:: What to do ::
Reproduce the records below exactly; the images should not appear.

BEGIN Input material

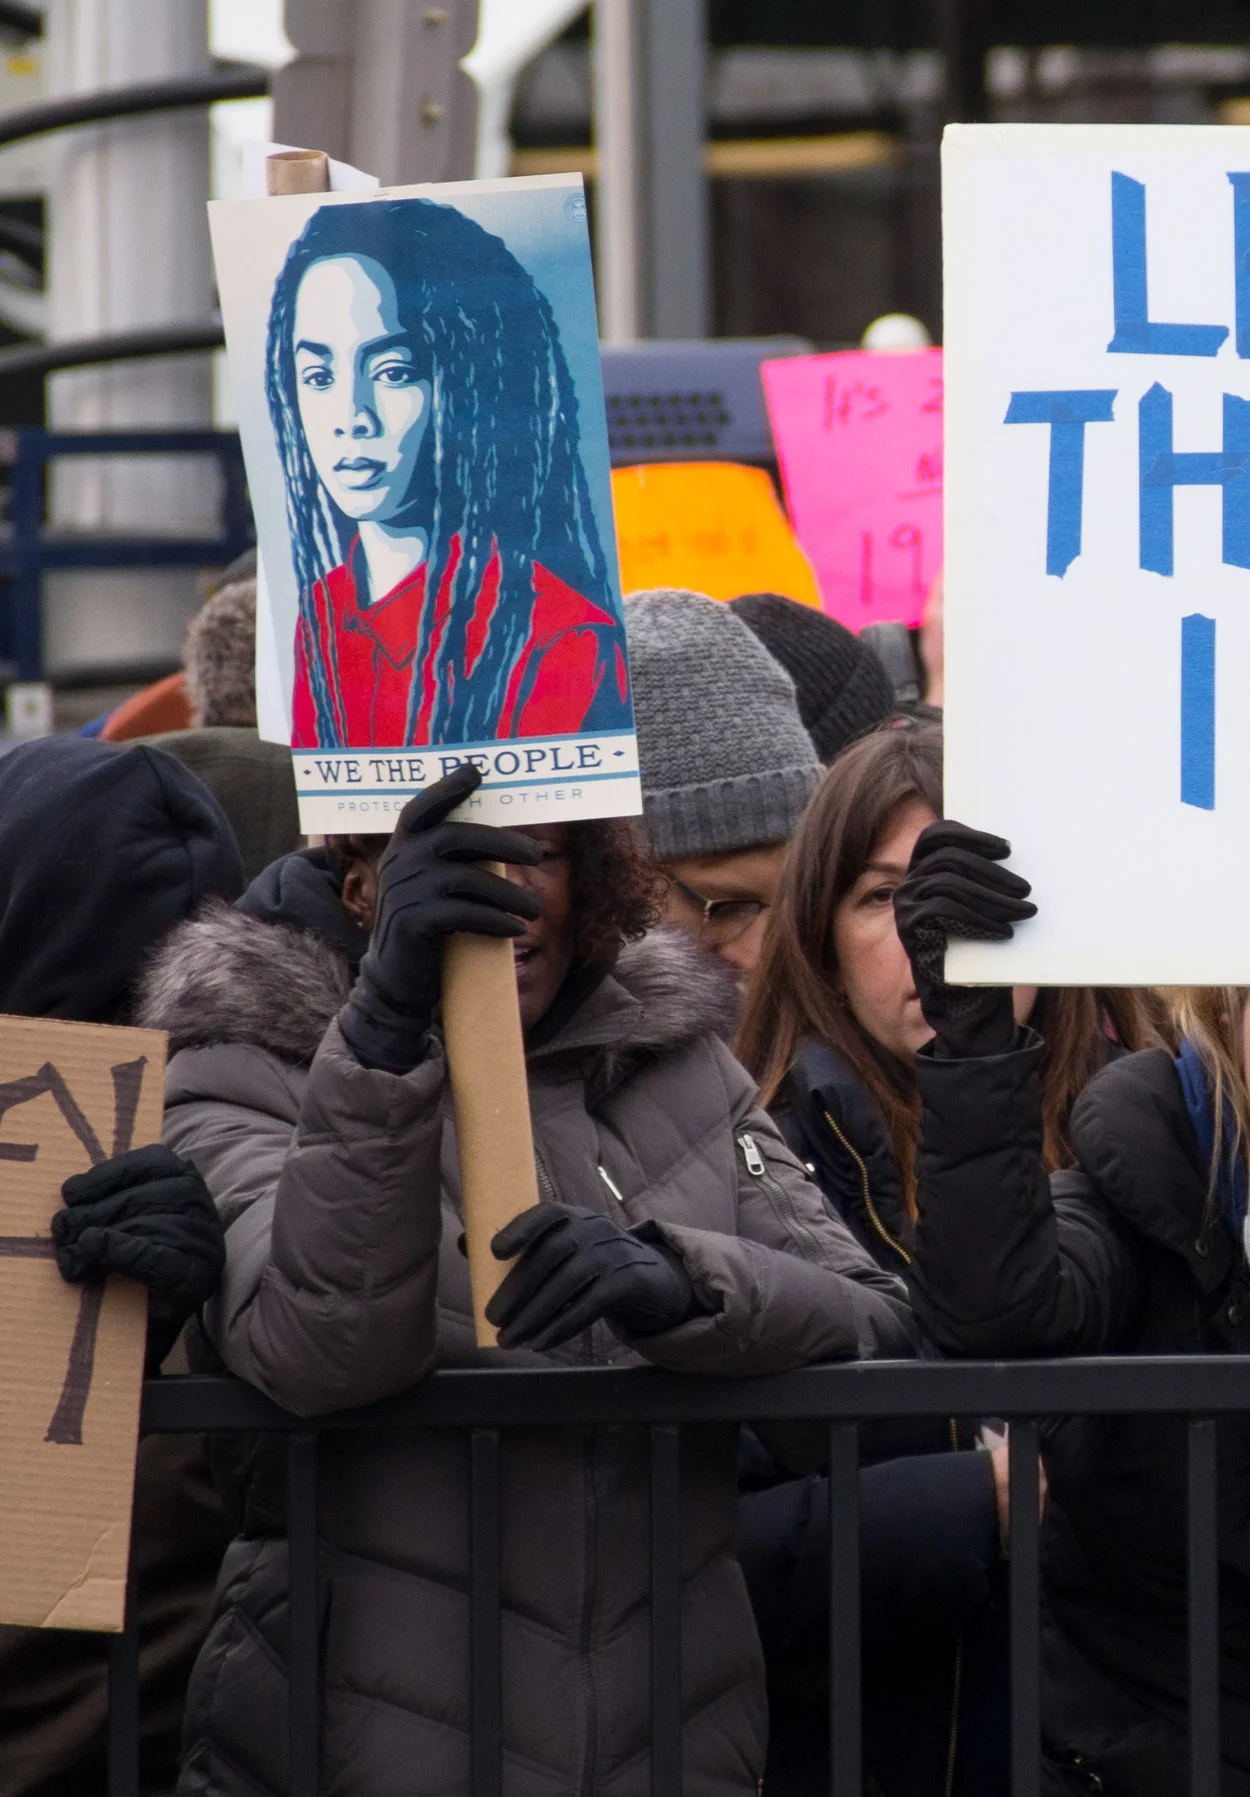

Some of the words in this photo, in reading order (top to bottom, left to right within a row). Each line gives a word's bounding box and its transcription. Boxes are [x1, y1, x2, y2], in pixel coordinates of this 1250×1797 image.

[314, 759, 363, 783] WE
[369, 758, 427, 782] THE
[438, 743, 603, 778] PEOPLE
[338, 800, 409, 812] PROTEC
[499, 788, 583, 805] OTHER

END Input material

:: Exercise response ::
Some of the words in this photo, in reading order (top to bottom, left to right within a row). Each line gives a word's bounding box and its transcription. Boxes are [x1, y1, x2, y2], in pixel coordinates of this 1250×1797 image.

[314, 759, 363, 783] WE
[369, 758, 427, 782] THE
[438, 743, 603, 778] PEOPLE
[338, 800, 409, 812] PROTEC
[499, 788, 583, 805] OTHER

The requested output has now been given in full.